* What you need to do
Your transcription must include every record word for word and no pictures.

Spatial localization data
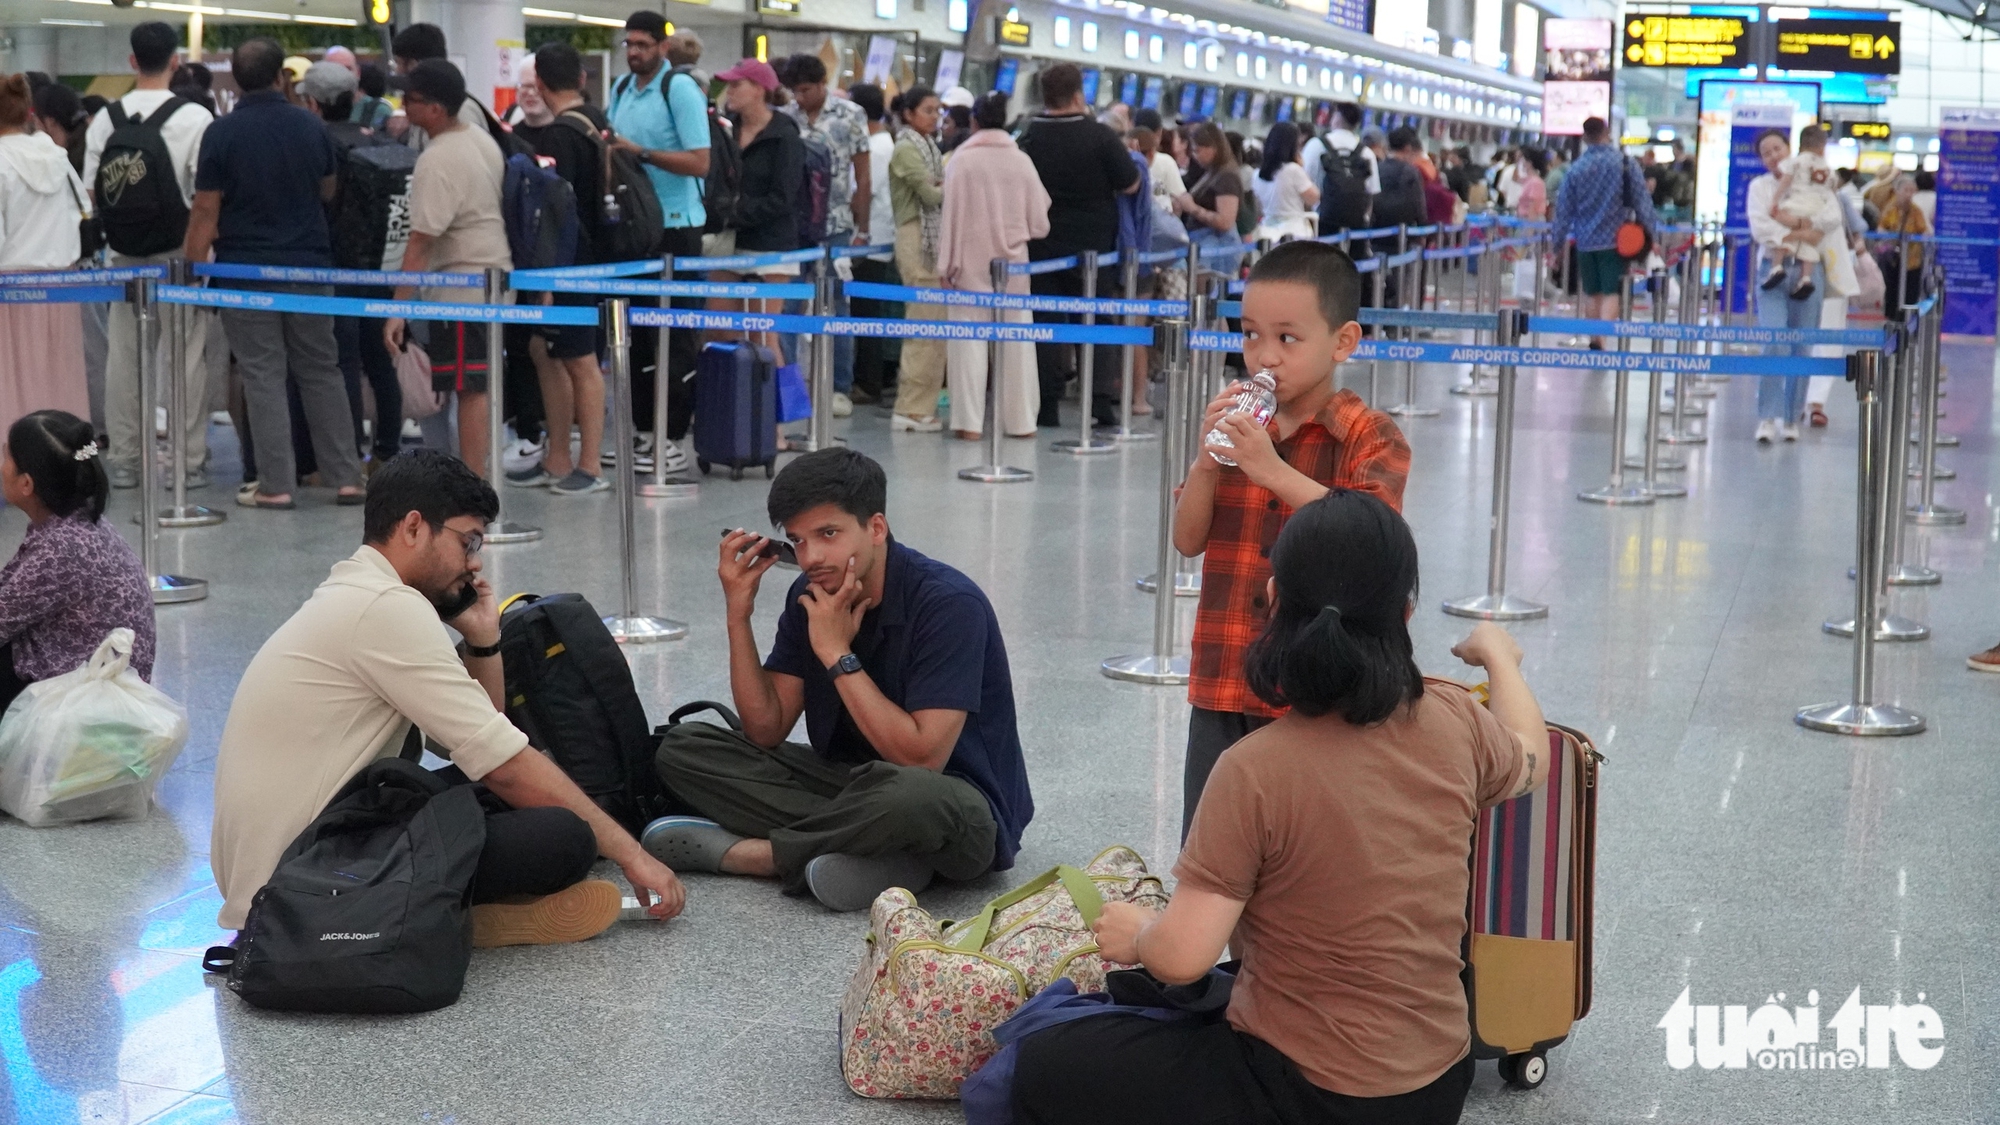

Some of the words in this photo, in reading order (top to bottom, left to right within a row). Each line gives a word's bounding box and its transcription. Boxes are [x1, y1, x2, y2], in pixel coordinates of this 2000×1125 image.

[386, 194, 406, 242] FACE
[113, 270, 133, 280] NAM
[445, 276, 468, 286] NAM
[3, 290, 47, 300] VIETNAM
[710, 286, 729, 294] NAM
[734, 286, 758, 294] CTCP
[222, 294, 242, 304] NAM
[249, 296, 274, 306] CTCP
[946, 291, 976, 304] CÔNG
[979, 294, 992, 305] TY
[1026, 298, 1056, 310] HÀNG
[1058, 300, 1096, 312] KHÔNG
[1098, 300, 1122, 315] VIỆT
[1124, 302, 1150, 314] NAM
[1158, 302, 1188, 314] CTCP
[364, 302, 412, 315] AIRPORTS
[414, 304, 482, 317] CORPORATION
[484, 307, 498, 318] OF
[501, 308, 543, 320] VIETNAM
[632, 310, 674, 325] KHÔNG
[676, 312, 702, 328] VIỆT
[704, 316, 732, 328] NAM
[742, 317, 775, 330] CTCP
[824, 321, 884, 334] AIRPORTS
[886, 323, 974, 337] CORPORATION
[976, 326, 993, 338] OF
[996, 327, 1054, 340] VIETNAM
[1685, 328, 1700, 338] TY
[1190, 333, 1218, 348] ẢNG
[1388, 346, 1425, 358] CTCP
[1452, 348, 1520, 362] AIRPORTS
[1522, 351, 1622, 367] CORPORATION
[1625, 355, 1643, 368] OF
[1646, 356, 1711, 370] VIETNAM
[320, 932, 380, 941] JACK&JONES

* Reply to the task
Some of the words in this photo, in reading order (top to bottom, left to right within a row). Each line gives a word's bounding box and its transcription. Boxes are [x1, y1, x2, y2], in pixel coordinates of this 2000×1125 image.

[386, 194, 406, 242] FACE
[113, 270, 133, 280] NAM
[445, 276, 468, 286] NAM
[3, 290, 47, 300] VIETNAM
[710, 286, 729, 294] NAM
[734, 286, 758, 294] CTCP
[222, 294, 242, 304] NAM
[249, 296, 274, 306] CTCP
[946, 291, 976, 304] CÔNG
[979, 294, 992, 305] TY
[1026, 298, 1056, 310] HÀNG
[1058, 300, 1096, 312] KHÔNG
[1098, 300, 1122, 315] VIỆT
[1124, 302, 1150, 314] NAM
[1158, 302, 1188, 314] CTCP
[364, 302, 412, 315] AIRPORTS
[414, 304, 482, 317] CORPORATION
[484, 307, 498, 318] OF
[501, 308, 543, 320] VIETNAM
[632, 310, 674, 325] KHÔNG
[676, 312, 702, 328] VIỆT
[704, 316, 732, 328] NAM
[742, 317, 775, 330] CTCP
[824, 321, 884, 334] AIRPORTS
[886, 323, 974, 337] CORPORATION
[976, 326, 993, 338] OF
[996, 327, 1054, 340] VIETNAM
[1685, 328, 1700, 338] TY
[1190, 333, 1218, 348] ẢNG
[1388, 346, 1425, 358] CTCP
[1452, 348, 1520, 362] AIRPORTS
[1522, 351, 1622, 367] CORPORATION
[1625, 355, 1643, 368] OF
[1646, 356, 1711, 370] VIETNAM
[320, 932, 380, 941] JACK&JONES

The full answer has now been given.